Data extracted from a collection
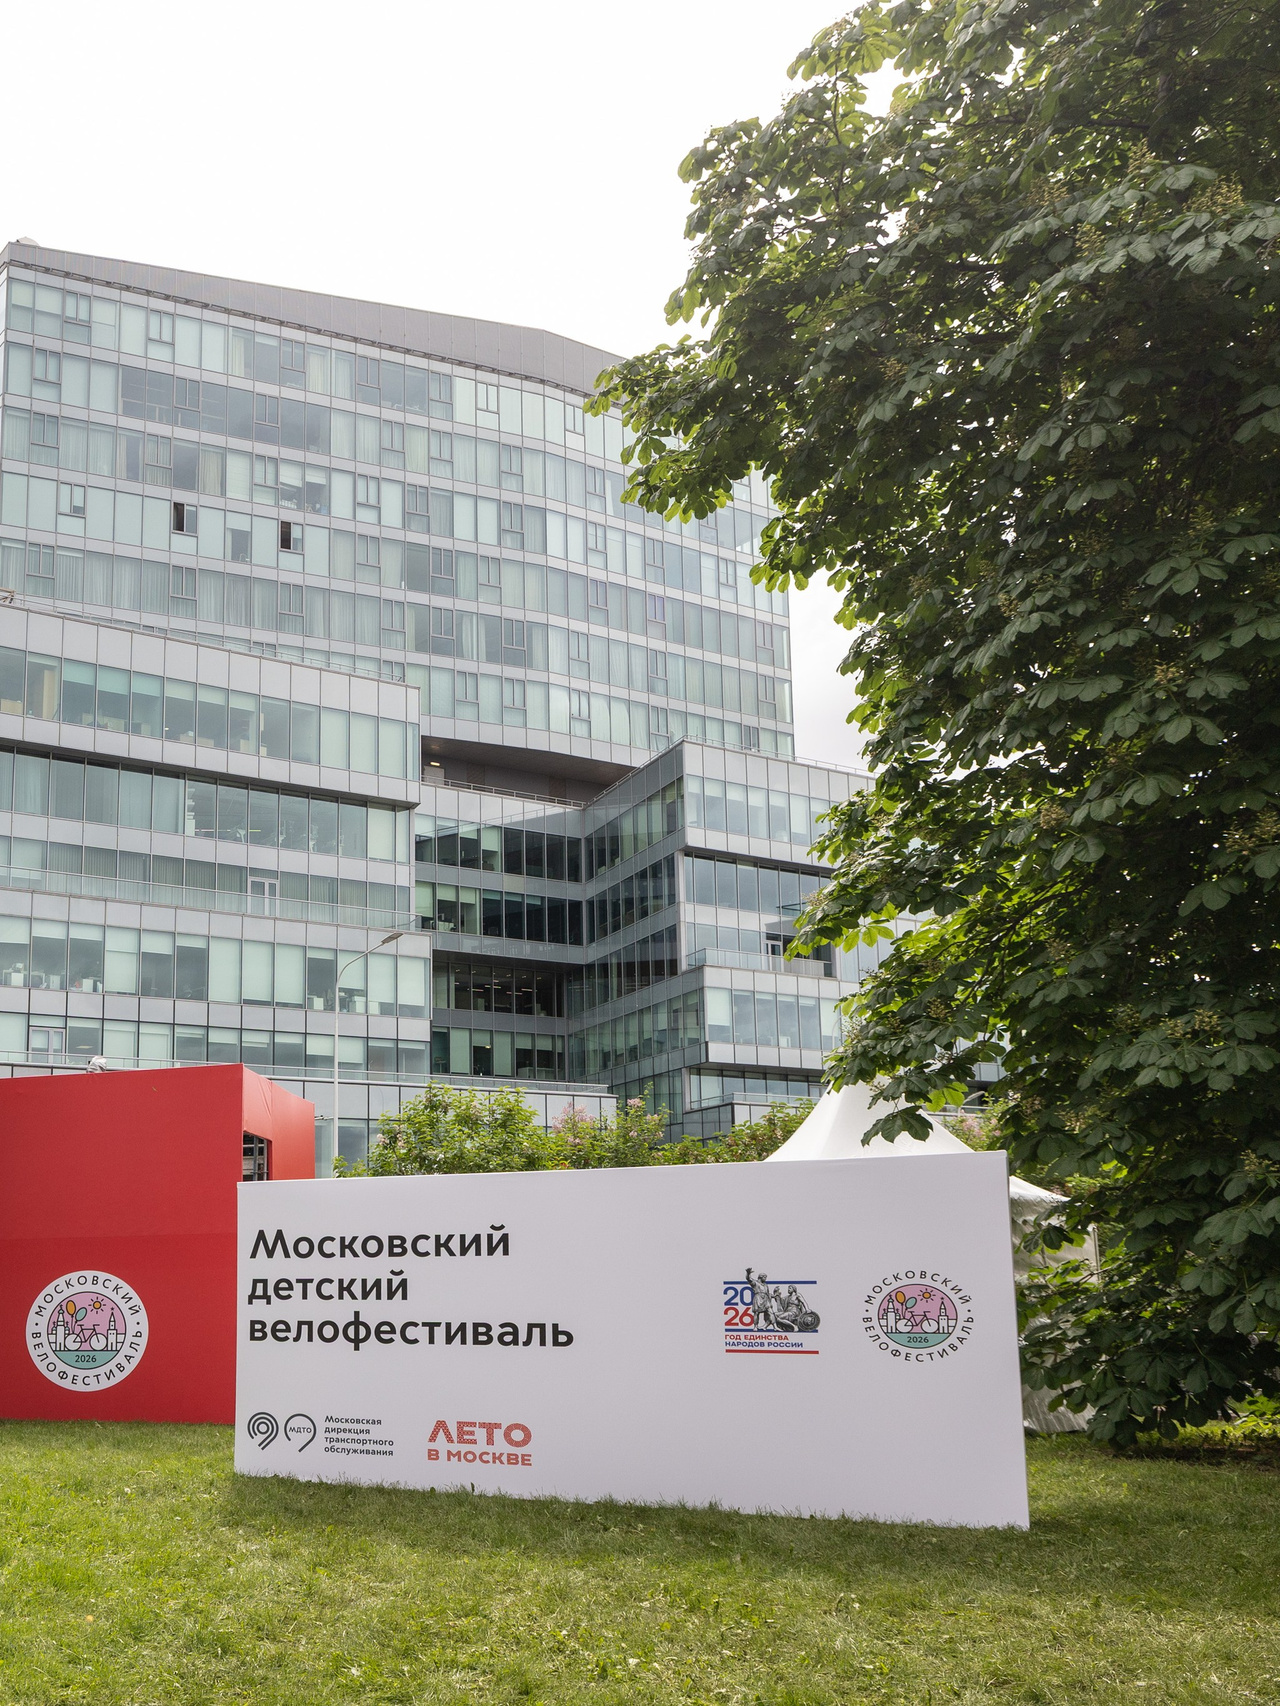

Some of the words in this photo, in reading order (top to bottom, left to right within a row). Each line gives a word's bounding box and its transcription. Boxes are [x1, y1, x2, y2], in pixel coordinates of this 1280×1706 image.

[249, 1223, 510, 1259] Московский
[34, 1275, 142, 1318] МОСКОВСКИЙ
[248, 1269, 409, 1305] детский
[723, 1286, 755, 1306] 20
[864, 1270, 972, 1306] МОСКОВСКИЙ
[723, 1306, 755, 1327] 26
[249, 1310, 575, 1351] велофестиваль
[744, 1334, 790, 1342] ЕДИНСТВА
[862, 1316, 975, 1363] ВЕЛОФЕСТИВАЛЬ
[906, 1336, 930, 1344] 2026
[724, 1341, 766, 1349] НАРОДОВ
[767, 1341, 804, 1349] РОССИИ
[31, 1330, 143, 1386] ВЕЛОФЕСТИВАЛЬ
[74, 1354, 97, 1363] 2026
[324, 1415, 383, 1426] Московская
[288, 1426, 313, 1435] МДТО
[323, 1426, 372, 1436] дирекция
[427, 1419, 533, 1448] ЛЕТО
[324, 1436, 395, 1447] транспортного
[323, 1446, 395, 1457] обслуживания
[427, 1448, 440, 1461] В
[446, 1449, 533, 1467] МОСКВЕ
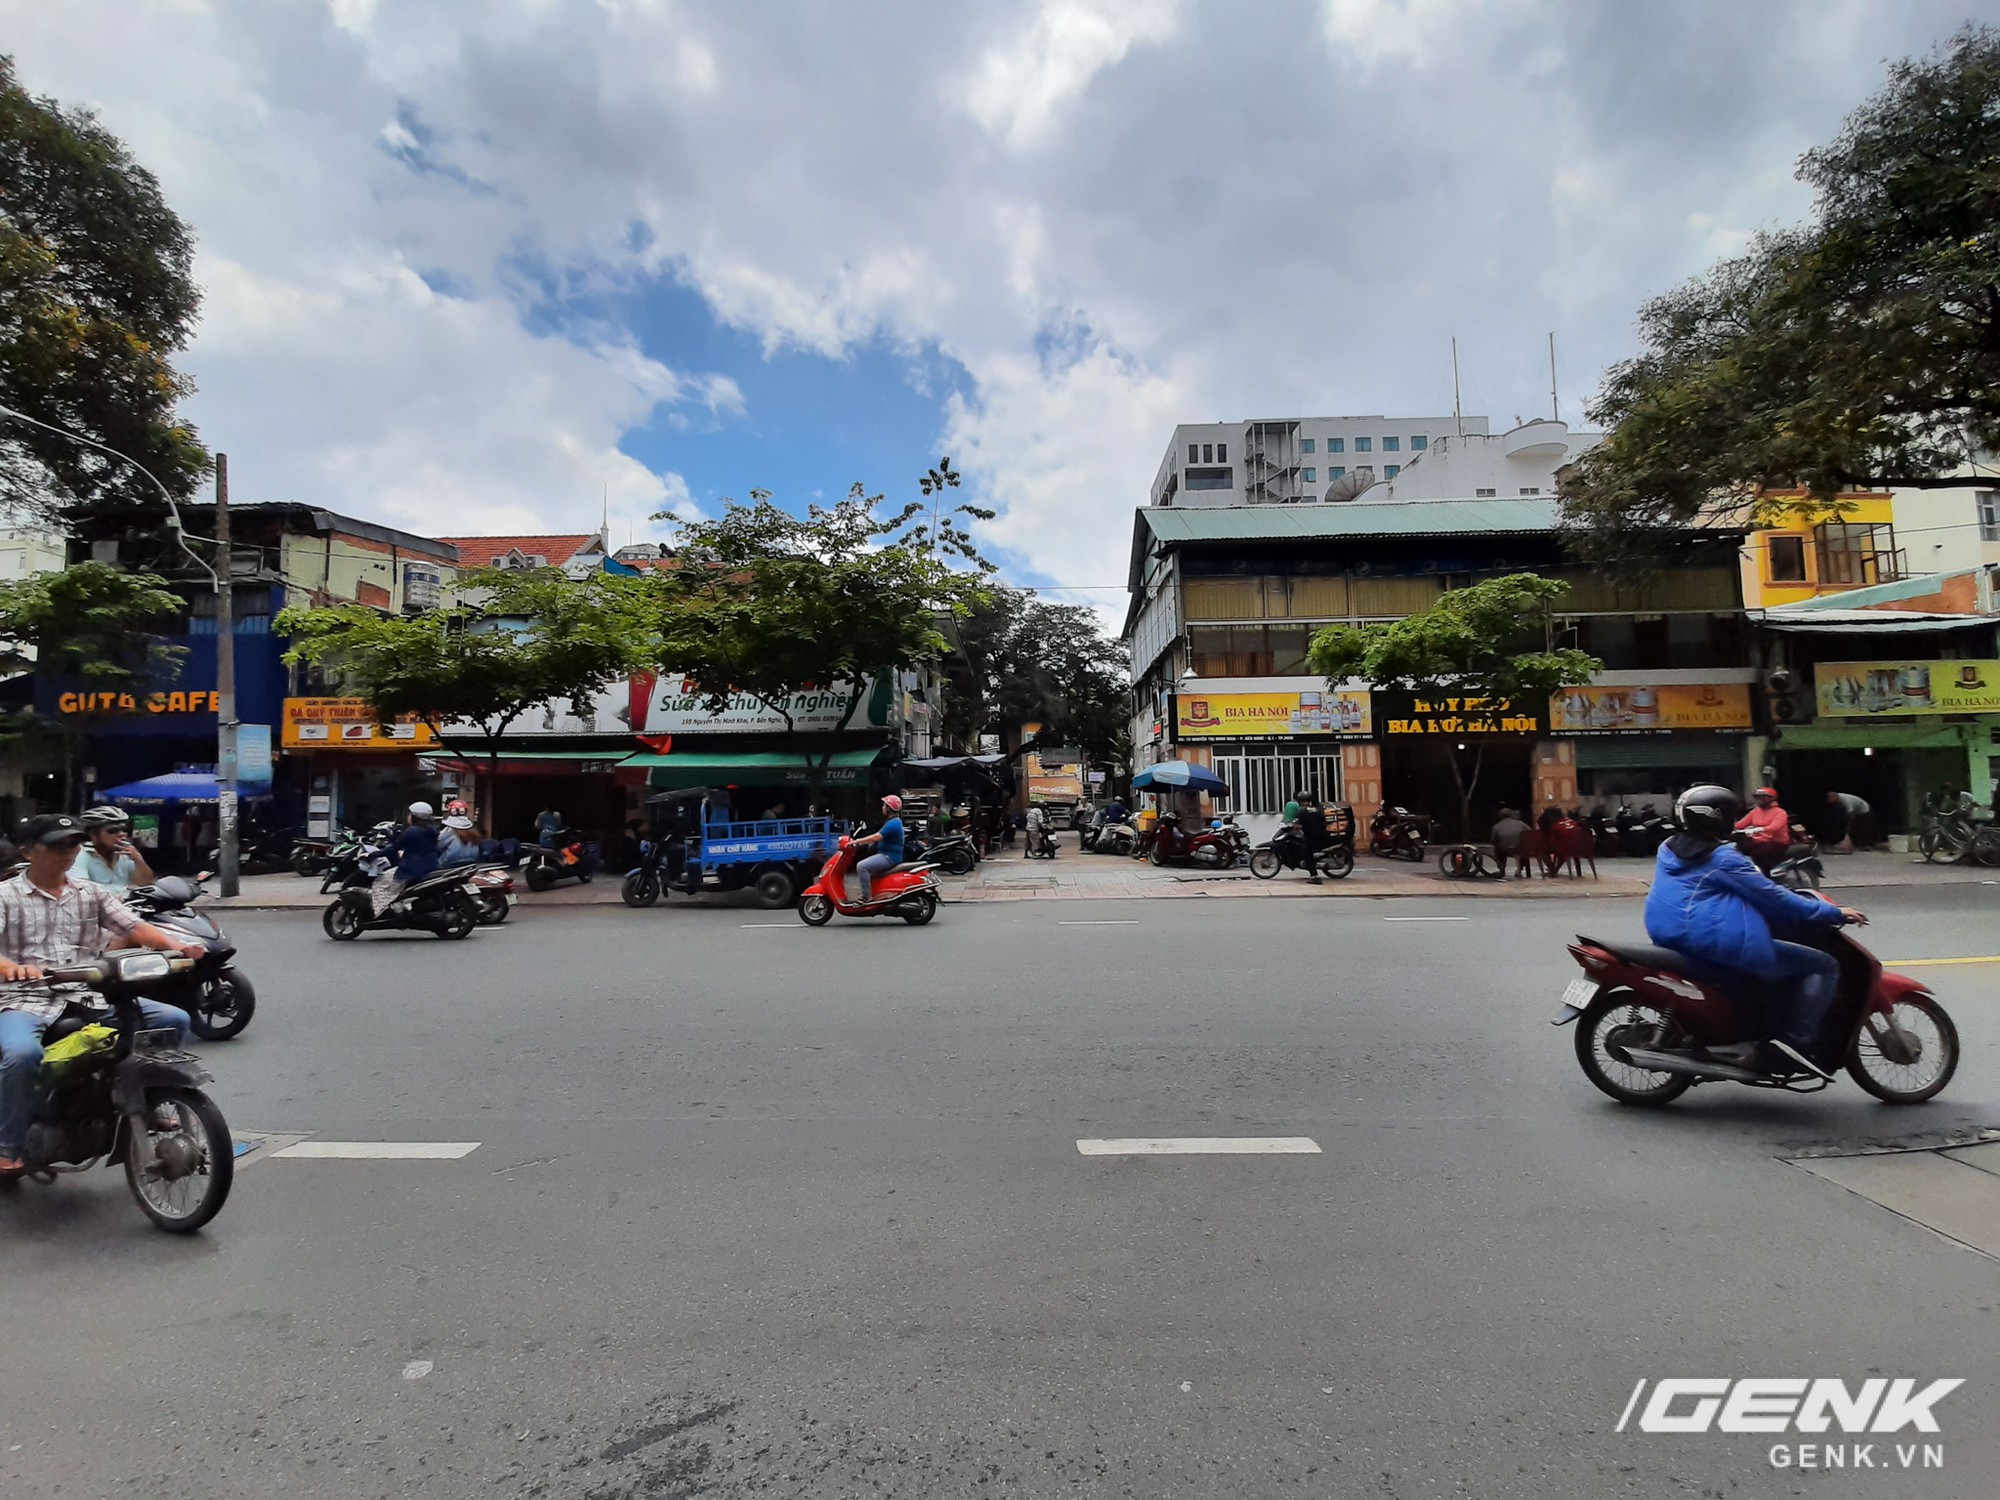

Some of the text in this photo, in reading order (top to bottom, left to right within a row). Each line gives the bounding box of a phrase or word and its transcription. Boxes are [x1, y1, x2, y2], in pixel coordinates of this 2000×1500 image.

[699, 696, 723, 712] x
[1225, 707, 1246, 717] BIA
[1387, 718, 1424, 734] BIA
[1501, 713, 1538, 736] NỘI

> [WHAT YOU HAVE TO DO]:
Give back, word for word, only the lines from the one containing "Some of the text" through the closing line of the entries.

> [SOLUTION]:
Some of the text in this photo, in reading order (top to bottom, left to right within a row). Each line gives the bounding box of a phrase or word and its transcription. Boxes are [x1, y1, x2, y2], in pixel coordinates of this 2000×1500 image.

[699, 696, 723, 712] x
[1225, 707, 1246, 717] BIA
[1387, 718, 1424, 734] BIA
[1501, 713, 1538, 736] NỘI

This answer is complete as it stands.